On June 23, 2014, the Company borrowed $30,000 under a convertible note agreement with an investor. The note bears an interest rate of 10%, matures on June 23, 2015, and is convertible at $1.00 per share. Because the market price for our common stock on the date of the note exceeded the notes conversion price, $1.00 per share, we recognized a beneficial conversion feature of $21,600 as a discount on the note. The discount will be recognized as additional interest over the life of the note. As of June 30, 2014, the remaining amount of the discount is $21,600.
We evaluated the conversion features embedded in the two notes payable described above for derivative accounting in accordance with ASC 815-40, Derivatives and Hedging embedded in the modified notes payable for derivative accounting in accordance with the criteria for classification in stockholders' equity. Therefore, derivative accounting is not applicable.

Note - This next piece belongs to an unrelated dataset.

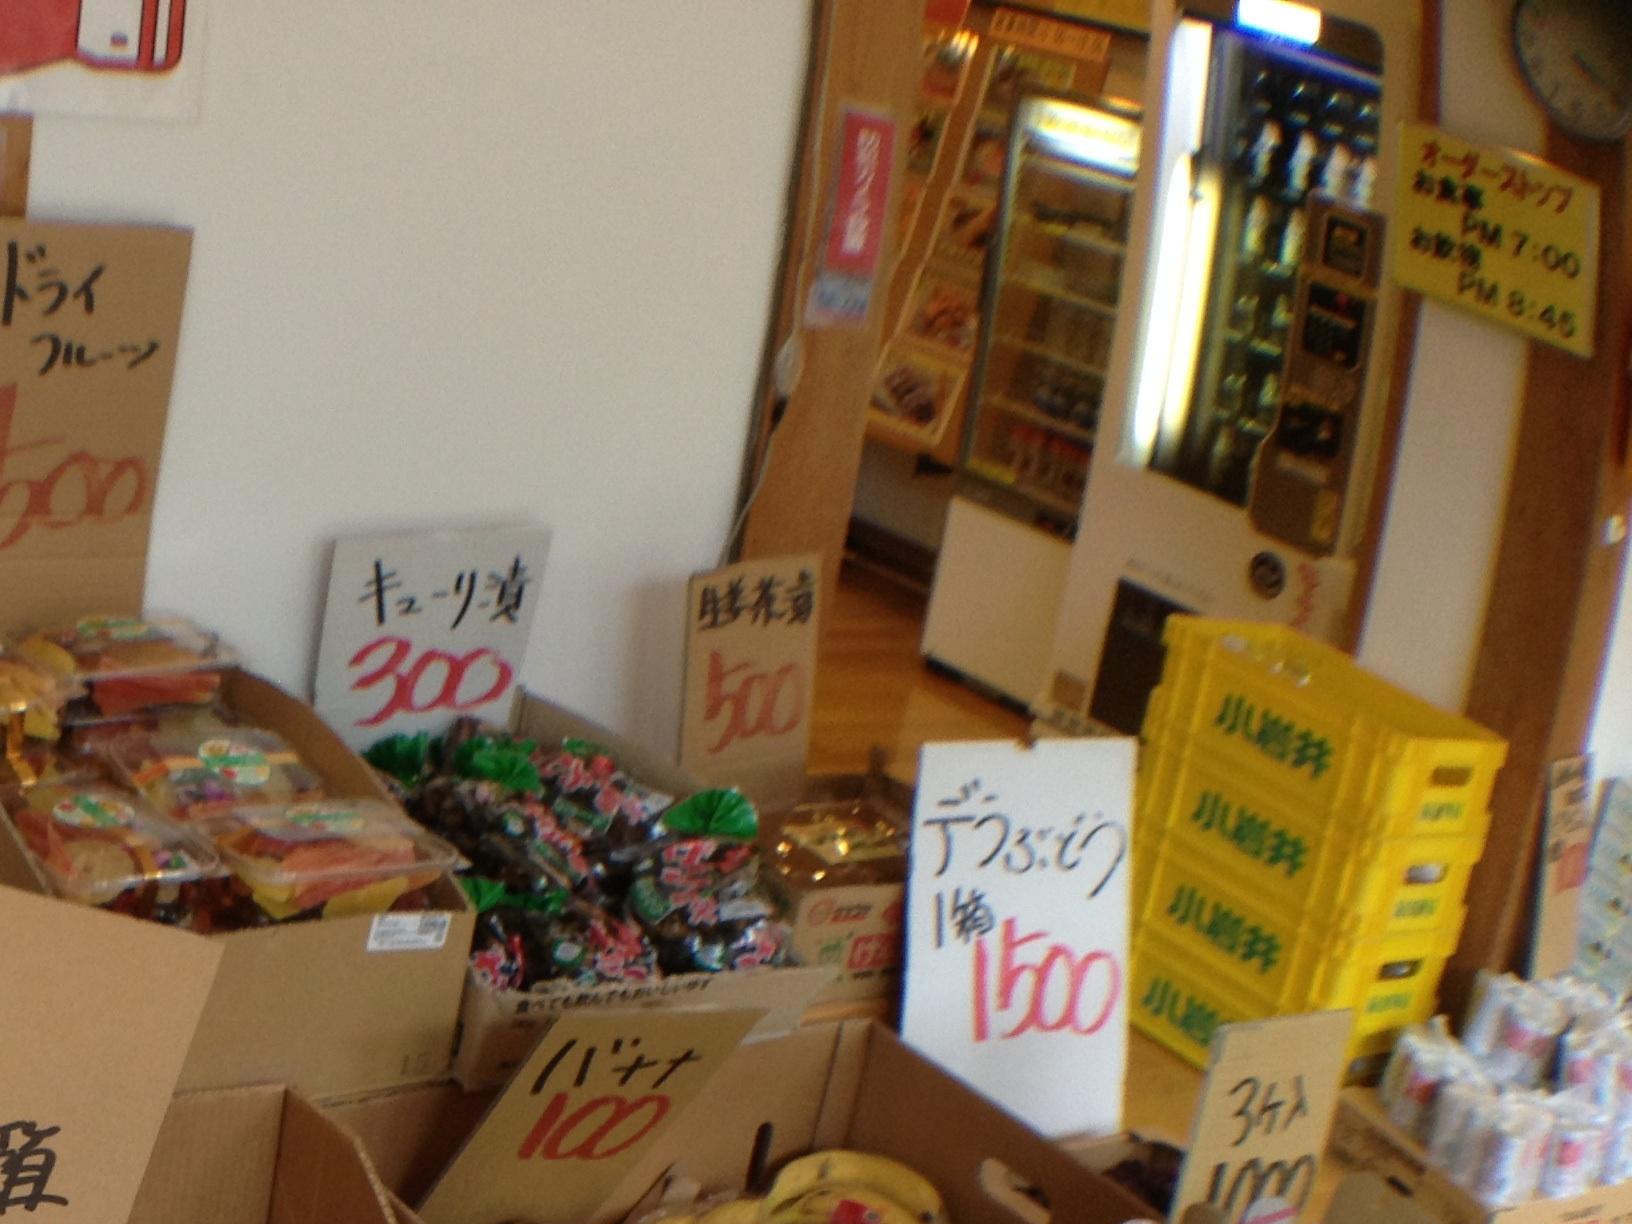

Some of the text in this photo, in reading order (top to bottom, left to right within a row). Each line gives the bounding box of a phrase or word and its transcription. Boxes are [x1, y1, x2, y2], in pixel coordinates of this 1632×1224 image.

NOTE 5 SHAREHOLDERS EQUITY
During April 2014, an investor purchased 500,000 shares for $1.00 per share. The investor also received warrants to purchase 500,000 shares at exercise price of $0.50 per share. The warrants have a one-year term.

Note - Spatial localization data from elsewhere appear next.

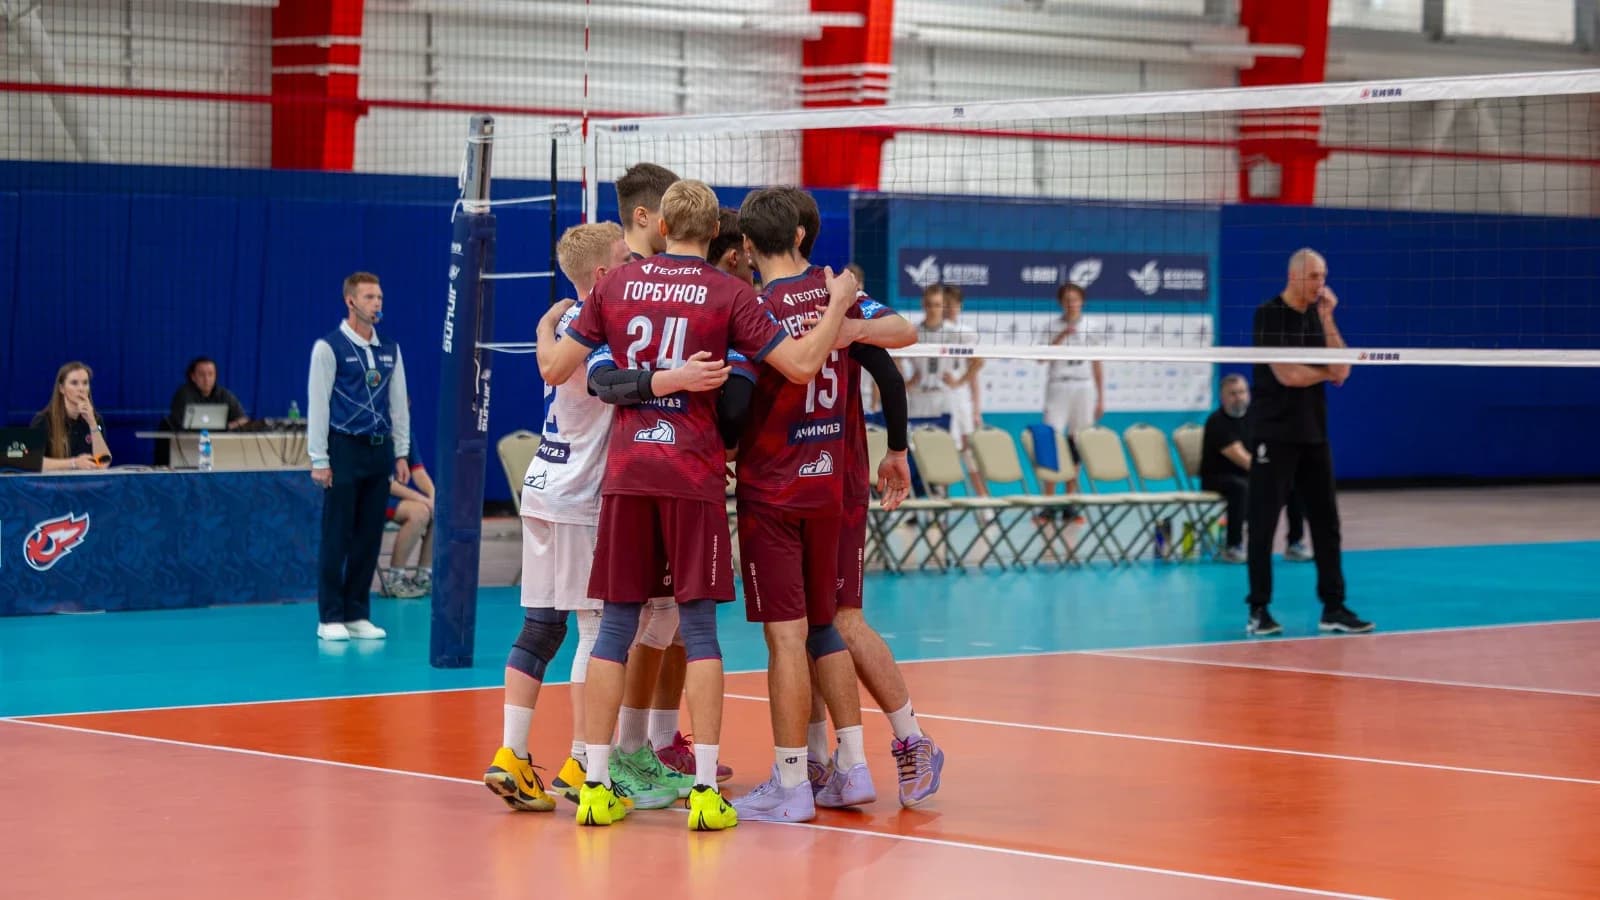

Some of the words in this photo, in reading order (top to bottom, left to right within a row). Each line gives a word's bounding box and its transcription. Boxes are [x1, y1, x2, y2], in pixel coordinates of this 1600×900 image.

[653, 266, 702, 275] ГЕОТЕК
[623, 281, 708, 305] ГОРБУНОВ
[791, 287, 830, 304] ГЕОТЕК
[626, 315, 690, 371] 24
[794, 422, 841, 440] АЧИМГАЗ

NOTE 6 COMMITMENTS & CONTINGENCIES
During January 2014, we were granted a license to market nutritional supplements under the TapouT XT name to retail locations worldwide. Under the license agreement, we are required to pay a royalty fee to Nutra Evolution of 12.5% of net sales. The agreement provides us with an initial test period of four years, until January 31, 2018, to distribute the product. We paid $85,000 in conjunction with the license. At the expiration of this four year period, we may extend the license for three (3) consecutive three (3) year terms. We are required to pay minimum royalties of $400,000 during the first contract year; $750,000 during the second contract year and $1,000,000 each year thereafter.
In late April 2014, the Company entered into an agreement with Sullivan Media Group, a Nevada corporation, to conduct market research in regards to promotion of the NutraFuels brand at a cost of $104,500.
7
On May 26, 2014, we entered into an agreement with SRC Sales Inc., a Massachusetts corporation (SRC Sales) to be the exclusive distributor of our products to certain retailers (the Retailer Accounts) in the United States and Canada. We agreed to pay 7% of sales derived from any Retailer Account obtained from the efforts of SRC Sales. The agreement has a term of 36 months. We agreed to issue 50,000 restricted shares of our common stock to SRC Sales for each Retailer Account, and 50,000 shares for each order of $500,000. For purposes of the agreement, Retailer Account means a retailer with more than 200 locations. The terms of the Agreement do not apply to any of our prior or existing customers.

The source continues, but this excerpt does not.